Netanyahu vs. Bennett: Two Models of Leadership, One Crisis of Responsibility

part of Rabbi Moshe Pitchon’s Israel After Charisma, a pre-election series examining the political re-emergence of Naftali Bennett ahead of Israel’s next national elections.

Netanyahu vs. Bennett: Two Models of Leadership, One Crisis of Responsibility

This article is part of Rabbi Moshe Pitchon’s Israel After Charisma, a pre-election series examining the political re-emergence of Naftali Bennett ahead of Israel’s next national elections.
Rather than focusing on campaign tactics or polling fluctuations, the series asks a deeper question: what kind of leadership is Israeli society seeking now — and why?

After years of political instability, repeated elections, and growing civic fatigue, Israeli politics remains largely structured around the long dominance of Benjamin Netanyahu and the difficulty of articulating a credible alternative. Bennett’s renewed presence matters not only as an electoral variable, but as a lens through which to examine competing models of leadership, responsibility, and democratic authority under conditions of permanent pressure.


Israeli politics over the past decade can be read as a prolonged confrontation between two styles of leadership, embodied most clearly by Benjamin Netanyahu and Naftali Bennett.
This confrontation is often described in ideological or personal terms. More fundamentally, however, it reflects two competing models of how responsibility is distributed in a democracy under existential pressure.

Netanyahu’s leadership rests on a powerful form of political charisma. It is built on: mastery of narrative, a sense of historical mission, and the projection of indispensability.

Over time, this charisma has functioned as a gravitational force. Political meaning, security anxiety, and even moral judgment have been drawn upward toward the figure of the leader. Supporters do not merely endorse policies; they express trust in Netanyahu as the singular bearer of responsibility for Israel’s fate.

This has produced a paradox. The stronger the leader appears, the more responsibility migrates away from institutions and citizens. Criticism becomes existentially charged. Accountability is personalized. Politics becomes a referendum not on decisions, but on loyalty.

Netanyahu’s model offers reassurance in a threatening environment — but at a cost:
responsibility becomes centralized, and therefore fragile.

Bennett represents almost the opposite instinct. His leadership style is deliberately non-messianic, managerial rather than mythic, pragmatic rather than symbolic, coalition-based rather than polarizing. Bennett does not seek to absorb national anxiety into his person. Instead, he attempts — often awkwardly and without rhetorical flourish — to redistribute responsibility back into institutions, coalitions, and procedures.

This is why Bennett is frequently perceived as lacking charisma. But that perception is misleading. What is labeled “lack of charisma” is in fact a refusal to function as a moral substitute for the public. His weakness is political visibility. His strength is ethical architecture.

Current polling and renewed public attention to Bennett are not simply reactions to Netanyahu fatigue. They reflect something deeper: a growing unease with over-personalized responsibility.

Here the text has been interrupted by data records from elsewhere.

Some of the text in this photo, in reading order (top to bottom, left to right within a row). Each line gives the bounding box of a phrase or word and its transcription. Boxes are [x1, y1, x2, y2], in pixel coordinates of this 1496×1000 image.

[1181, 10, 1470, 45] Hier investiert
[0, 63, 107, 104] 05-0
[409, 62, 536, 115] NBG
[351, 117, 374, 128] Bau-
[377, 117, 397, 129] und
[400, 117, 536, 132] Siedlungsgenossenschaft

After years of political paralysis, repeated elections, and moral exhaustion from crisis management, many Israelis are not asking: “Who can save us?” They are asking: “Is there a way to govern that does not require believing in a savior?” Bennett’s re-emergence speaks to this unarticulated question.

From a Jewish perspective, the contrast is stark. Judaism permits strong leadership — Moses himself is decisive — but it never allows leadership to replace collective moral agency. Covenant is addressed to a people, not outsourced to a king. Hineni- here I am, I take responsibility- cannot be pronounced by proxy.

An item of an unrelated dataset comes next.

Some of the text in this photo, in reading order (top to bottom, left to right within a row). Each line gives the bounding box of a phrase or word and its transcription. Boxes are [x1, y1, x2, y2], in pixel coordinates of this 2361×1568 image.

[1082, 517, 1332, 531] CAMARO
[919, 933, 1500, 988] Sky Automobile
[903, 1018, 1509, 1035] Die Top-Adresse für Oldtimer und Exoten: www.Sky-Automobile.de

Netanyahu’s charisma risks becoming a form of delegated conscience. Bennett’s restraint attempts, imperfectly, to preserve a culture where responsibility remains distributed, disputable, and human.

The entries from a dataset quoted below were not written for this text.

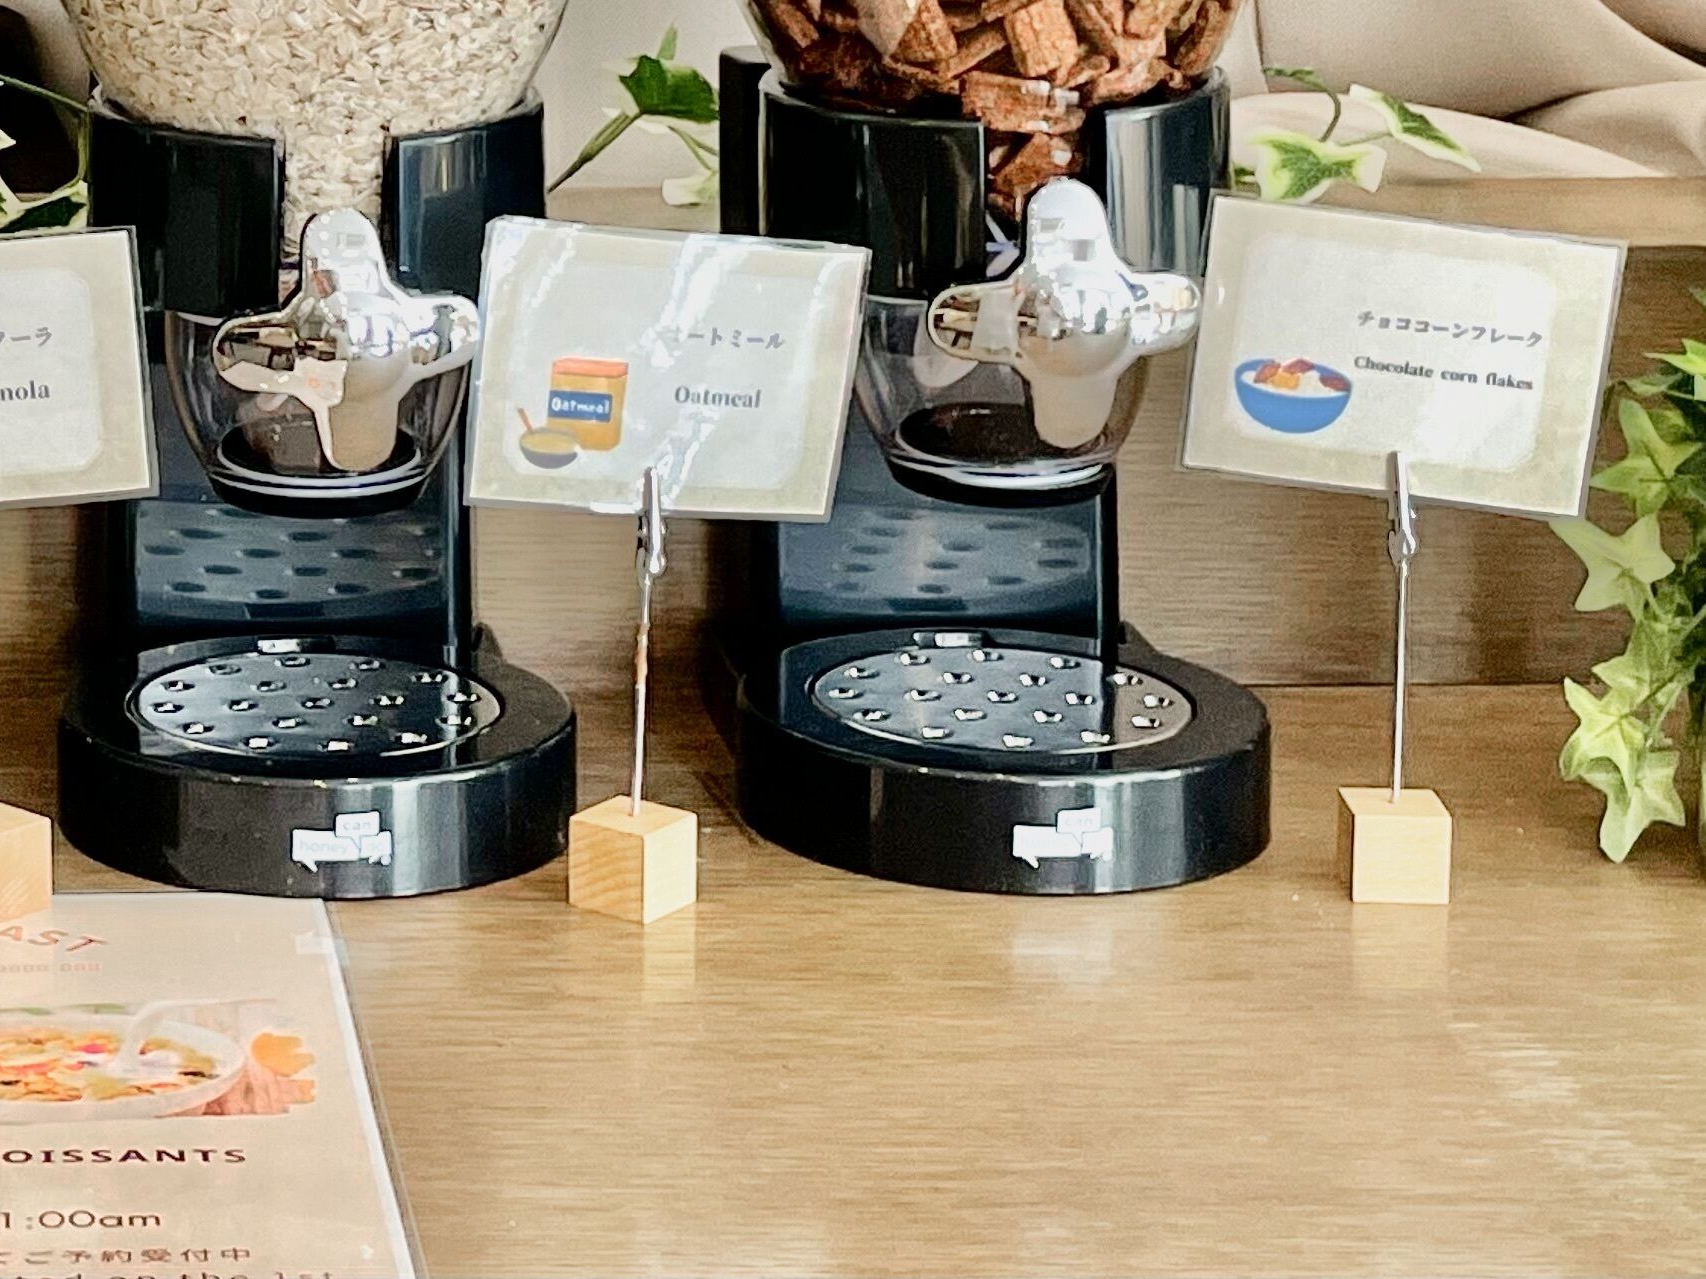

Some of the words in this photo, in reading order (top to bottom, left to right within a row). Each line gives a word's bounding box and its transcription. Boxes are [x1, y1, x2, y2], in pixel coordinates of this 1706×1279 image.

[1357, 310, 1544, 348] チョココーンフレーク
[1353, 355, 1435, 379] Chocolate
[1440, 369, 1479, 384] corn
[1485, 371, 1535, 391] flakes
[551, 397, 610, 415] Oatmeal
[674, 384, 763, 409] Oatmeal
[341, 819, 371, 831] can

The Israeli political divide, then, is not only right versus left, or security versus diplomacy. It is between: a politics that concentrates meaning and responsibility in a single figure, and a politics that accepts discomfort in order to keep citizens morally engaged.

In a society under permanent pressure, the temptation to choose the first is immense. But Israel’s democratic resilience may depend on the second.


Rabbi Moshe Pitchon is a philosopher and public intellectual whose work examines responsibility, moral agency, and Jewish thought under conditions of historical and technological pressure. He is the author of several books on Israeli politics and Jewish ethics, including Something New Is Happening: The Life and Times of Naftali Bennett. He writes from the United States and is not affiliated with any Israeli political party or campaign.